Oldbloke wrote:Well, you will be compressing a powder with an 1 oz load in front of it that isn't really intended to be compresses in that way. And shot guns operate at lower pressures. Say, 10,000psi compared to rifles 55,000psi
Huge difference in burn rate too.
No expert here, but I'd want to do a lot of home work before I considered what your suggesting.
I wouldn't be starting with one-ounce loads, and rifle powders do indeed like compression. Even Trailboss that ADI proclaims "should never be compressed" works just fine in 12ga., likewise they say to never reduce AR2206H (H4895) below 60% of "maximum charges", but I routinely run it at ridiculously low levels with zero issues
Yes, I know that guns are only rated to 12,000psi (half the pressure of .22LR), but I've shot a lot of reduced rifle loads that don't make that much pressure, sometimes the bullet barely drops out of the muzzle.

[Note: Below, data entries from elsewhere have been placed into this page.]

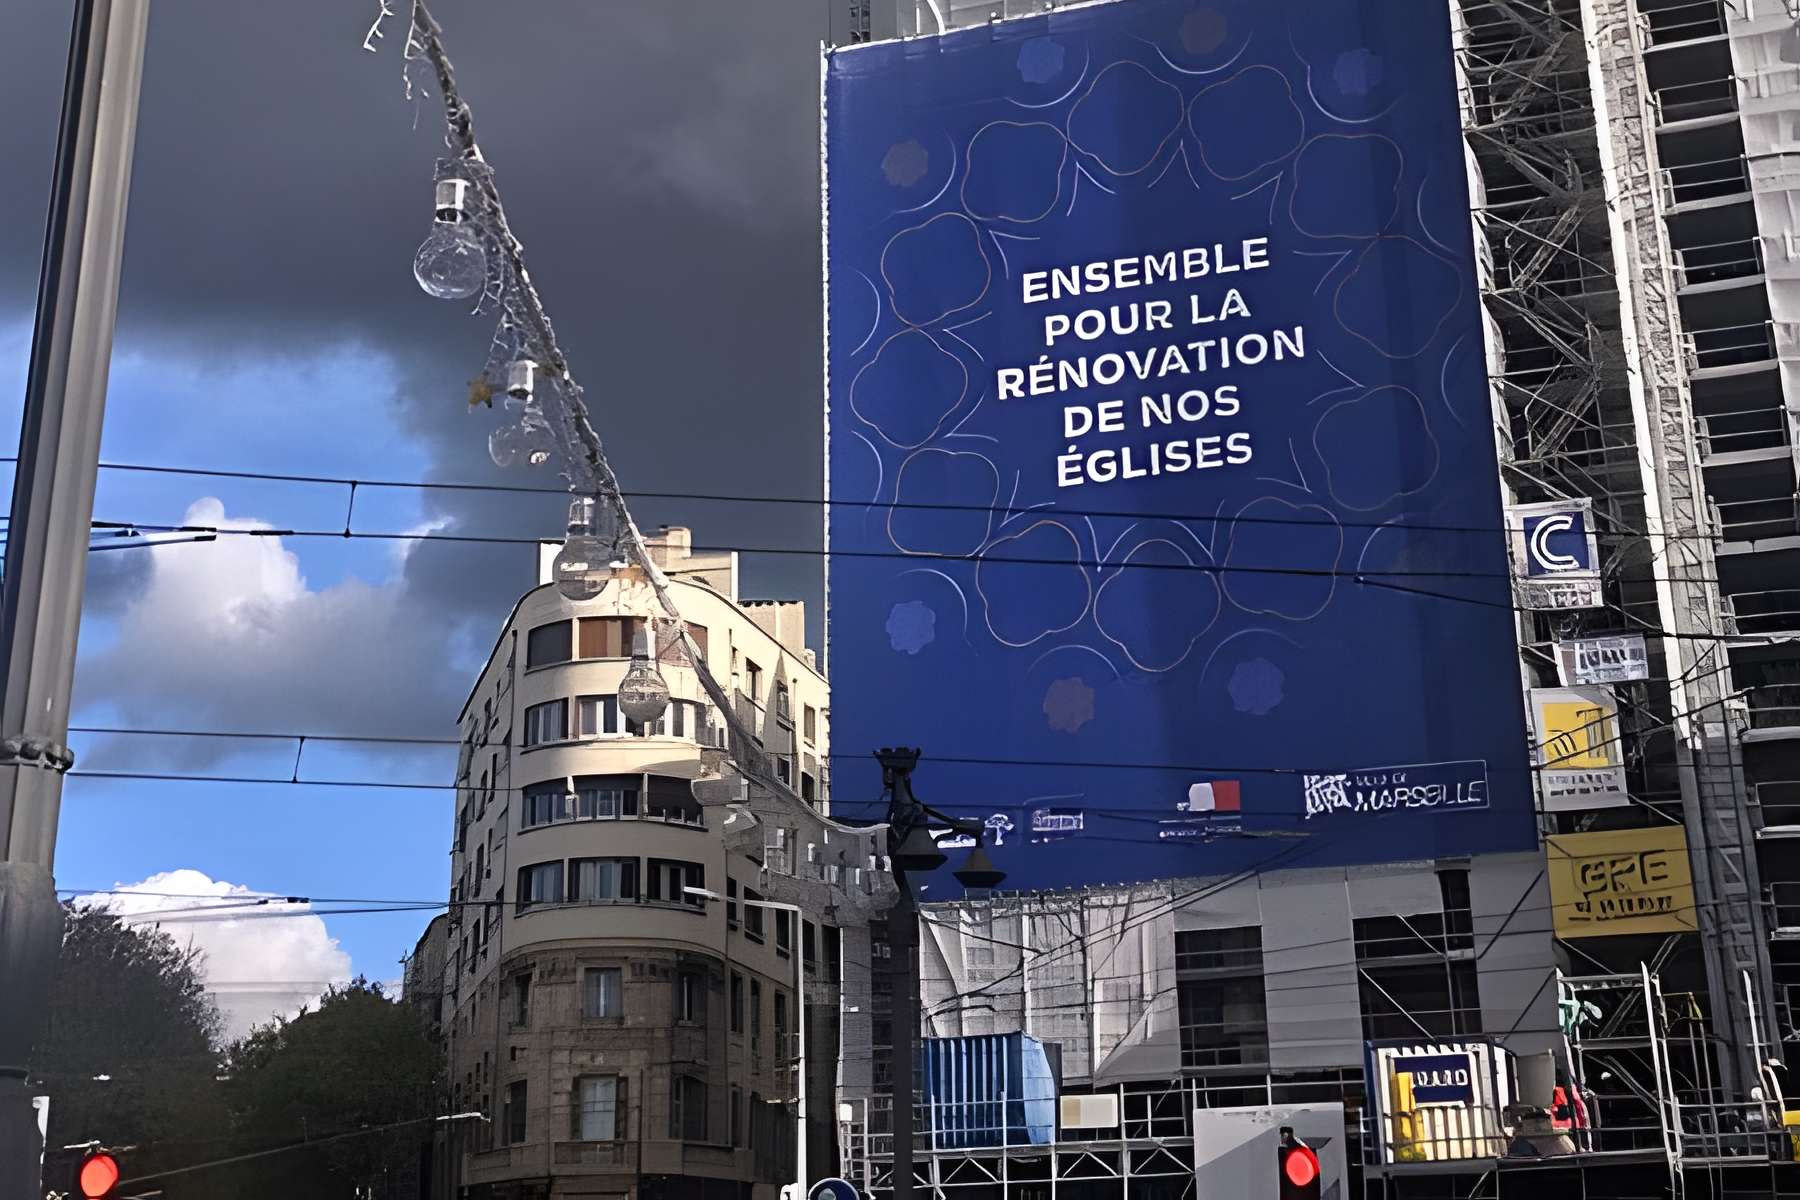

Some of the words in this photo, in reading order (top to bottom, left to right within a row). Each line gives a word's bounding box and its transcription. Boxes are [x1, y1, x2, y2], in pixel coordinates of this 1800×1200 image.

[1022, 237, 1270, 304] ENSEMBLE
[1045, 300, 1174, 346] POUR
[1190, 288, 1252, 325] LA
[997, 326, 1305, 400] RÉNOVATION
[1064, 400, 1125, 438] DE
[1141, 385, 1241, 428] NOS
[1057, 432, 1253, 487] ÉGLISES

I did the experiments with rifle powder in 9mm because I couldn't find _any_ data online anywhere of anybody having tried it before, not even with exploding guns, which would surely get mentioned somewhere if it were an issue. Packing as much powder as it is possible to fit in the case, compressing it as much as humanly possible, and it still burns too slowly to make good velocity. It makes a usable cartridge certainly, but not a useful one. You need more barrel length to burn the powder.

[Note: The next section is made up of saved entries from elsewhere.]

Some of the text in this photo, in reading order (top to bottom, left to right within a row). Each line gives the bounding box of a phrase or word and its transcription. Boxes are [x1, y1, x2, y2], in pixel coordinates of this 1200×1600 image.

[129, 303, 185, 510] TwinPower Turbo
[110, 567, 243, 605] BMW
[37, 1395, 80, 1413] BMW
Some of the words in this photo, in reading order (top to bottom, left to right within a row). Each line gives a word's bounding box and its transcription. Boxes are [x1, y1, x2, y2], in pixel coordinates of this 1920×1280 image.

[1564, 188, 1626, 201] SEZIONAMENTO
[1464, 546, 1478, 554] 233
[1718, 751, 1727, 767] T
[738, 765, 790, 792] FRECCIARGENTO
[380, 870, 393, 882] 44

In .410 I would expect similar due to the small bore diameter, but with better ability to create pressure due to the longer barrel. 12ga will be different as it will be very hard to get pressure to build fast enough in a rapidly expanding three-quarter-inch-diameter combustion chamber, you're almost burning the powder unconfined. It'd be like trying to generate power in an engine with a one-inch bore and a fifteen-inch stroke.